4.      Tidur yang mengalahkan indera pendengar dan indera penglihat (hilang kesadaran).
5.       Segala sesuatu yang menghilangkan kesadaran seperti gila, pingsan, mabuk, dan lain-lainnya.
6.      Istihadhah kecil dan sedang (bagi wanita).

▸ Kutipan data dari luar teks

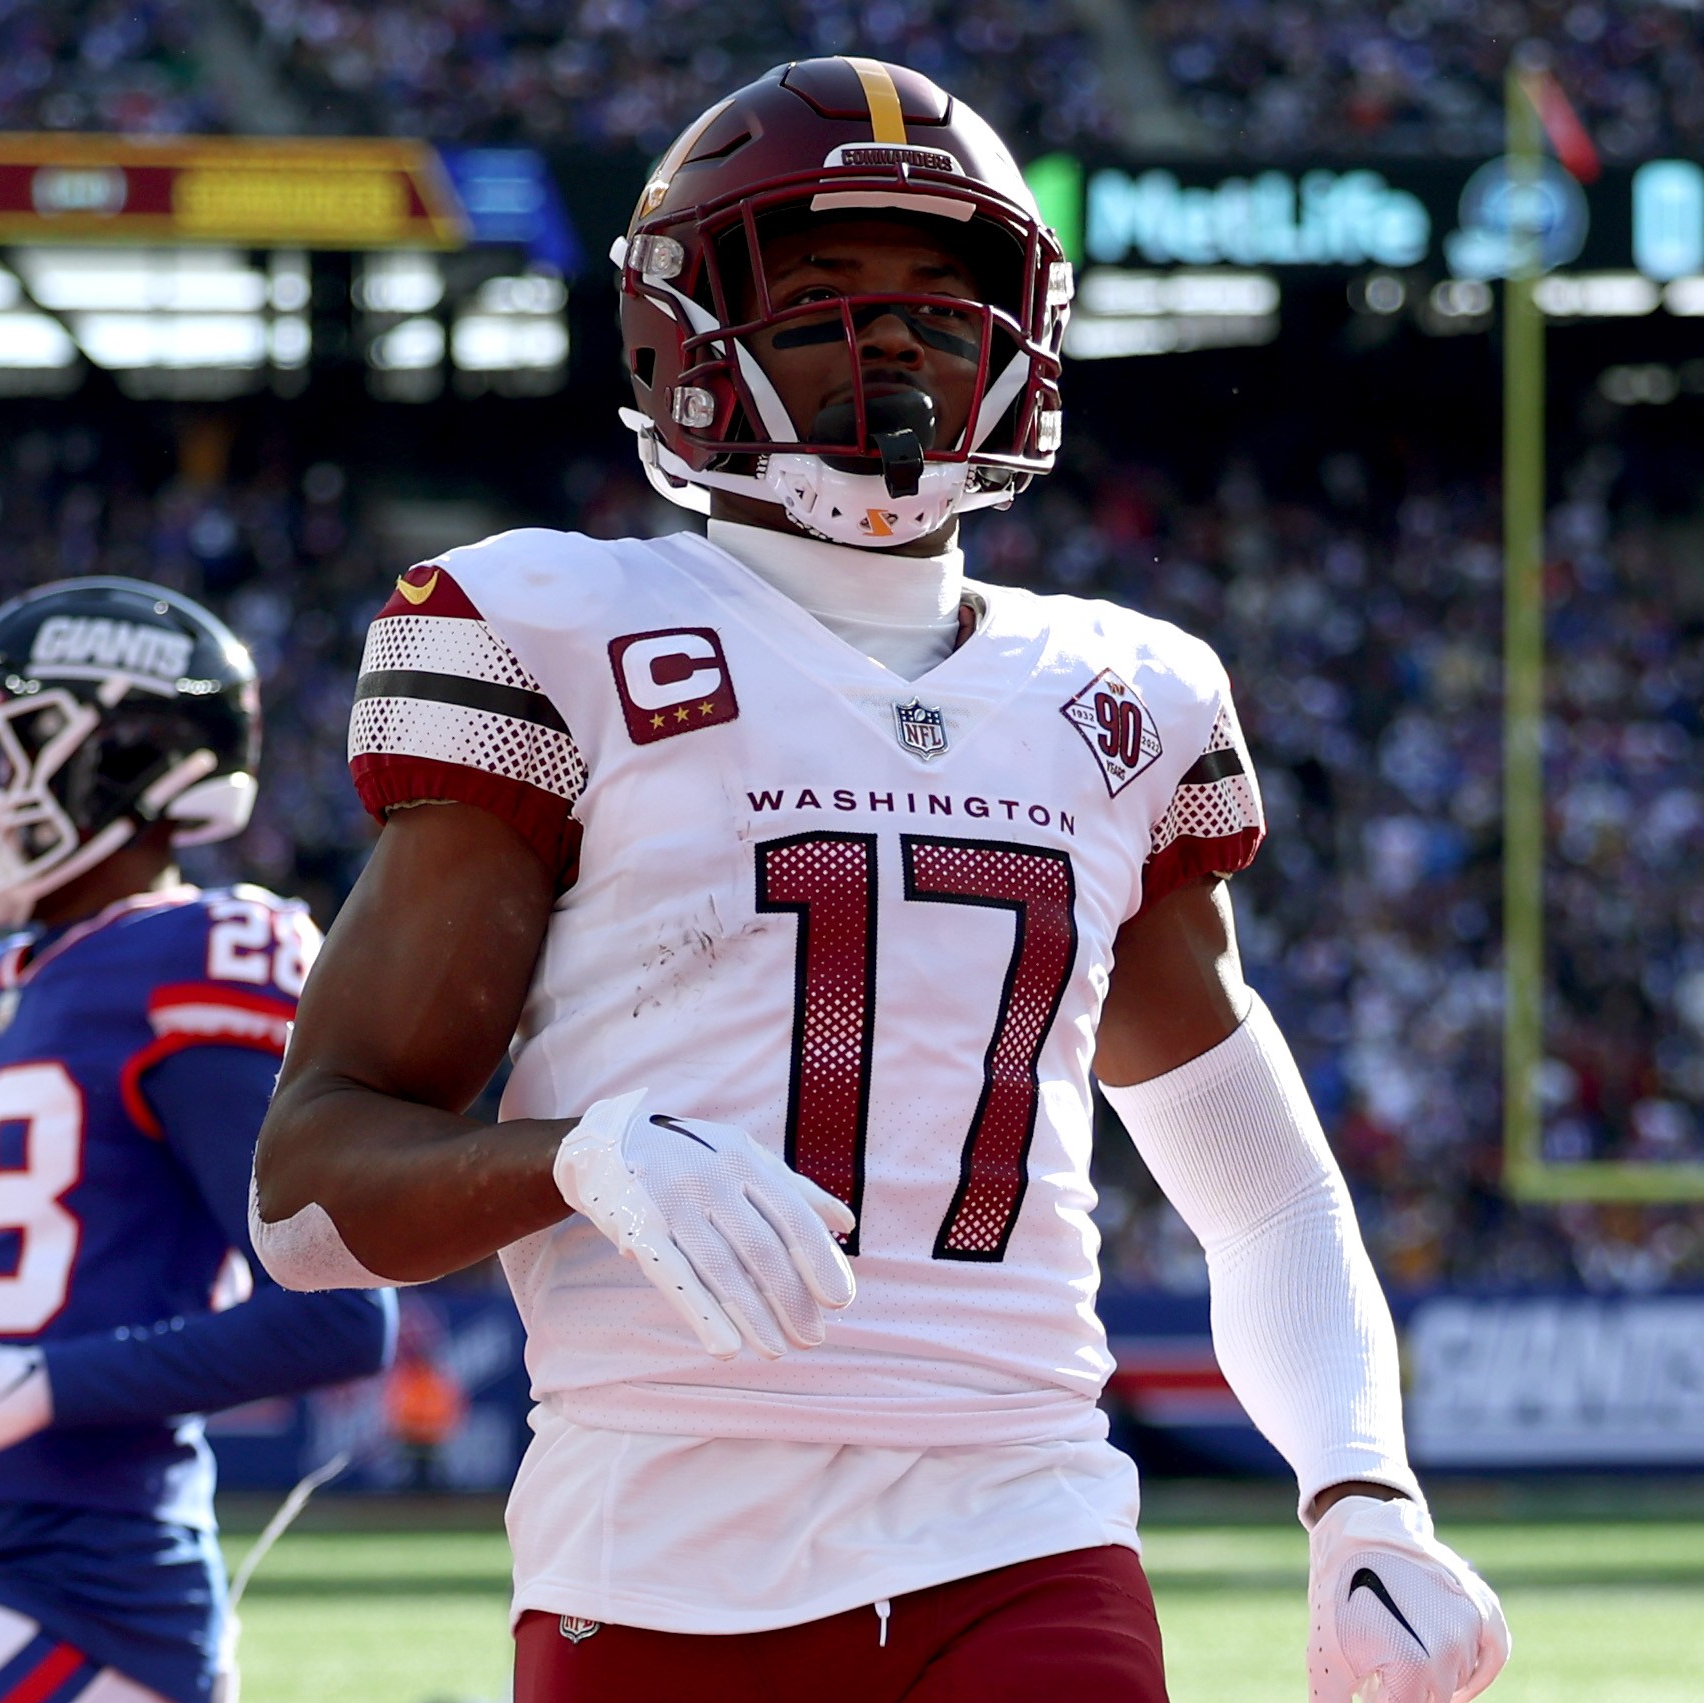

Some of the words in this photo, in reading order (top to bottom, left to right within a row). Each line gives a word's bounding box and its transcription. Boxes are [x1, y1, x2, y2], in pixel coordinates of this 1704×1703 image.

[841, 149, 954, 172] COMMANDERS
[1086, 168, 1430, 266] MetLife
[32, 615, 194, 678] GIANTS
[622, 634, 722, 711] C
[904, 723, 942, 747] NFL
[1071, 708, 1095, 722] 1932
[1094, 692, 1142, 768] 90
[1141, 736, 1160, 752] 2022
[1106, 760, 1126, 781] YEARS
[747, 789, 1076, 836] WASHINGTON
[755, 830, 1079, 1263] 17

e.      Hal-hal yang disunahkan Wudhu
1.        Disunnatkan bagi tiap muslim menggosok gigi sebelum memulai wudhunya krn Rasulullah bersabda “Sekiranya aku tidak memberatkan umatku niscaya aku perintah mere-ka bersiwak tiap kali akan berwudhu.” (Riwayat Ahmad dan dishahihkan oleh Al-Albani dalam Al-Irwa’).
2.       Disunnatkan pula mencuci kedua telapak tangan tiga kali sebelum berwudhu sebagaimana disebutkan di atas kecuali jika setelah bangun tidur maka hukumnya wajib mencucinya tiga kali sebelum berwudhu. Sebab boleh jadi kedua tangannya telah menyentuh kotoran di waktu tidurnya sedangkan ia tidak merasakannya. Rasulullah bersabda “Apabila seorang di antara kamu bangun tidur maka hendaknya tidak mencelupkan kedua tangannya di dalam bejana air sebelum mencucinya terlebih dahulu tiga kali krn sesungguhnya ia tidak mengetahui di mana tangannya berada .”
3.       Disunnatkan keras di dalam meng-hirup air dgn hidung sebagaimana dijelaskan di atas.
4.      Disunnatkan bagi orang muslim mencelah-celahi jenggot jika tebal ketika membasuh muka.
5.       Disunnatkan bagi orang muslim mencelah-celahi jari-jari tangan dan kaki di saat mencucinya krn Rasulullah bersabda “Celah-celahilah jari-jemari kamu.”.
6.      Mencuci anggota wudhu yg kanan terlebih dahulu sebelum mencuci anggota wudhu yg kiri. Mencuci tangan kanan terlebih dahulu kemudian tangan kiri dan begitu pula mencuci kaki kanan sebelum mencuci kaki kiri.
7.       Mencuci anggota-anggota wudhu dua atau tiga kali namun kepala cukup diusap satu kali usapan saja.
8.      Tidak berlebih-lebihan dalam pemakaian air krn Rasulullah berwudhu dgn mencuci tiga kali lalu bersabda “Barangsiapa mencuci lbh maka ia telah berbuat kesalahan dan kezhaliman.”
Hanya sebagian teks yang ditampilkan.